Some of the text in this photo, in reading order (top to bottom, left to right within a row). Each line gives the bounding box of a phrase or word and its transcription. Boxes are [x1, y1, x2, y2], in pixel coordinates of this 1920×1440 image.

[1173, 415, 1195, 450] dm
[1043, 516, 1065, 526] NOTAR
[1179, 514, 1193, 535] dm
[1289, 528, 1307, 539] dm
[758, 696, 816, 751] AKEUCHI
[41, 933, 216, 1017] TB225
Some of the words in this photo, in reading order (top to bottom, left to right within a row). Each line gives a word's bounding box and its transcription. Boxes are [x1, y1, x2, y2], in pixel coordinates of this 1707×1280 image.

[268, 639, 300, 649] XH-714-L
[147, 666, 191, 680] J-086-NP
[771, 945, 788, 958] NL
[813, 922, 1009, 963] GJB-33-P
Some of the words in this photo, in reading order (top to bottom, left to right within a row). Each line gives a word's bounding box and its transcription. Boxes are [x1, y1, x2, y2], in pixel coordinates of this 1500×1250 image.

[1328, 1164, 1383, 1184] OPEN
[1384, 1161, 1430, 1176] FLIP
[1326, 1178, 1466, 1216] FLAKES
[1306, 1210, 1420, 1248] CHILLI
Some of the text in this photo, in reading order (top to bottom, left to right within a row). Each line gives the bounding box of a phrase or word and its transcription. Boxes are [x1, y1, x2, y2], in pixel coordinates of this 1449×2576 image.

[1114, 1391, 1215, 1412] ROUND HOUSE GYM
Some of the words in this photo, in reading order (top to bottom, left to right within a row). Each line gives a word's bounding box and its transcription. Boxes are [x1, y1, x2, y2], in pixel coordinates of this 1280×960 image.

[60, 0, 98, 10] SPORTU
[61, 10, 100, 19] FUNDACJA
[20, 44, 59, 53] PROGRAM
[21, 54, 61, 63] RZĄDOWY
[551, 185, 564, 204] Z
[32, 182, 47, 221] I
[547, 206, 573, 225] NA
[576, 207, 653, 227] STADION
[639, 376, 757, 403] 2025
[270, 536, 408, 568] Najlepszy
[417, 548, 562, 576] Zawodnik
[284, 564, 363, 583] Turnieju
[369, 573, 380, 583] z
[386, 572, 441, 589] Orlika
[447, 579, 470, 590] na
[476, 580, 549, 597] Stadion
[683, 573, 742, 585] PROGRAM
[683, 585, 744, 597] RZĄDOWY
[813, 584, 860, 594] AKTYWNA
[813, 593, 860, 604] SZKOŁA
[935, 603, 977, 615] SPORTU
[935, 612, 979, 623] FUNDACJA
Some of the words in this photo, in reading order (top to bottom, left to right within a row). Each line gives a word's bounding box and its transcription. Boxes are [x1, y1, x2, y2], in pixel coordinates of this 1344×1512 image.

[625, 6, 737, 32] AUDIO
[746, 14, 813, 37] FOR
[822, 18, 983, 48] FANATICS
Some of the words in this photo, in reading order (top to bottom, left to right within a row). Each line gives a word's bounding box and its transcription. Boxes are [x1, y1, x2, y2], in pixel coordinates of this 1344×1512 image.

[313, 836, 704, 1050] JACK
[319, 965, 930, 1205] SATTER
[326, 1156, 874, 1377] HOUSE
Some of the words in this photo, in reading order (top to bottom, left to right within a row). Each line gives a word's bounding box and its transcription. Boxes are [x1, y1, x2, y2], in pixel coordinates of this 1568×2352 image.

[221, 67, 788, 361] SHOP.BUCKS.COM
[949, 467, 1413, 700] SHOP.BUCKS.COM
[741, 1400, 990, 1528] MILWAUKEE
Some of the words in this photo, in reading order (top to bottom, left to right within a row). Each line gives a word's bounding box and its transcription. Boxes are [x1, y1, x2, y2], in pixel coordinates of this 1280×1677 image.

What is needed: Starting at the top, retype every line of the material above exactly.

Answer section:
Some of the text in this photo, in reading order (top to bottom, left to right within a row). Each line gives the bounding box of a phrase or word and its transcription. Boxes are [x1, y1, x2, y2], in pixel coordinates of this 1920×1440 image.

[1173, 415, 1195, 450] dm
[1043, 516, 1065, 526] NOTAR
[1179, 514, 1193, 535] dm
[1289, 528, 1307, 539] dm
[758, 696, 816, 751] AKEUCHI
[41, 933, 216, 1017] TB225
Some of the words in this photo, in reading order (top to bottom, left to right within a row). Each line gives a word's bounding box and its transcription. Boxes are [x1, y1, x2, y2], in pixel coordinates of this 1707×1280 image.

[268, 639, 300, 649] XH-714-L
[147, 666, 191, 680] J-086-NP
[771, 945, 788, 958] NL
[813, 922, 1009, 963] GJB-33-P
Some of the words in this photo, in reading order (top to bottom, left to right within a row). Each line gives a word's bounding box and its transcription. Boxes are [x1, y1, x2, y2], in pixel coordinates of this 1500×1250 image.

[1328, 1164, 1383, 1184] OPEN
[1384, 1161, 1430, 1176] FLIP
[1326, 1178, 1466, 1216] FLAKES
[1306, 1210, 1420, 1248] CHILLI
Some of the text in this photo, in reading order (top to bottom, left to right within a row). Each line gives the bounding box of a phrase or word and its transcription. Boxes are [x1, y1, x2, y2], in pixel coordinates of this 1449×2576 image.

[1114, 1391, 1215, 1412] ROUND HOUSE GYM
Some of the words in this photo, in reading order (top to bottom, left to right within a row). Each line gives a word's bounding box and its transcription. Boxes are [x1, y1, x2, y2], in pixel coordinates of this 1280×960 image.

[60, 0, 98, 10] SPORTU
[61, 10, 100, 19] FUNDACJA
[20, 44, 59, 53] PROGRAM
[21, 54, 61, 63] RZĄDOWY
[551, 185, 564, 204] Z
[32, 182, 47, 221] I
[547, 206, 573, 225] NA
[576, 207, 653, 227] STADION
[639, 376, 757, 403] 2025
[270, 536, 408, 568] Najlepszy
[417, 548, 562, 576] Zawodnik
[284, 564, 363, 583] Turnieju
[369, 573, 380, 583] z
[386, 572, 441, 589] Orlika
[447, 579, 470, 590] na
[476, 580, 549, 597] Stadion
[683, 573, 742, 585] PROGRAM
[683, 585, 744, 597] RZĄDOWY
[813, 584, 860, 594] AKTYWNA
[813, 593, 860, 604] SZKOŁA
[935, 603, 977, 615] SPORTU
[935, 612, 979, 623] FUNDACJA
Some of the words in this photo, in reading order (top to bottom, left to right within a row). Each line gives a word's bounding box and its transcription. Boxes are [x1, y1, x2, y2], in pixel coordinates of this 1344×1512 image.

[625, 6, 737, 32] AUDIO
[746, 14, 813, 37] FOR
[822, 18, 983, 48] FANATICS
Some of the words in this photo, in reading order (top to bottom, left to right within a row). Each line gives a word's bounding box and its transcription. Boxes are [x1, y1, x2, y2], in pixel coordinates of this 1344×1512 image.

[313, 836, 704, 1050] JACK
[319, 965, 930, 1205] SATTER
[326, 1156, 874, 1377] HOUSE
Some of the words in this photo, in reading order (top to bottom, left to right within a row). Each line gives a word's bounding box and its transcription. Boxes are [x1, y1, x2, y2], in pixel coordinates of this 1568×2352 image.

[221, 67, 788, 361] SHOP.BUCKS.COM
[949, 467, 1413, 700] SHOP.BUCKS.COM
[741, 1400, 990, 1528] MILWAUKEE
Some of the words in this photo, in reading order (top to bottom, left to right within a row). Each line gives a word's bounding box and its transcription. Boxes are [x1, y1, x2, y2], in pixel coordinates of this 1280×1677 image.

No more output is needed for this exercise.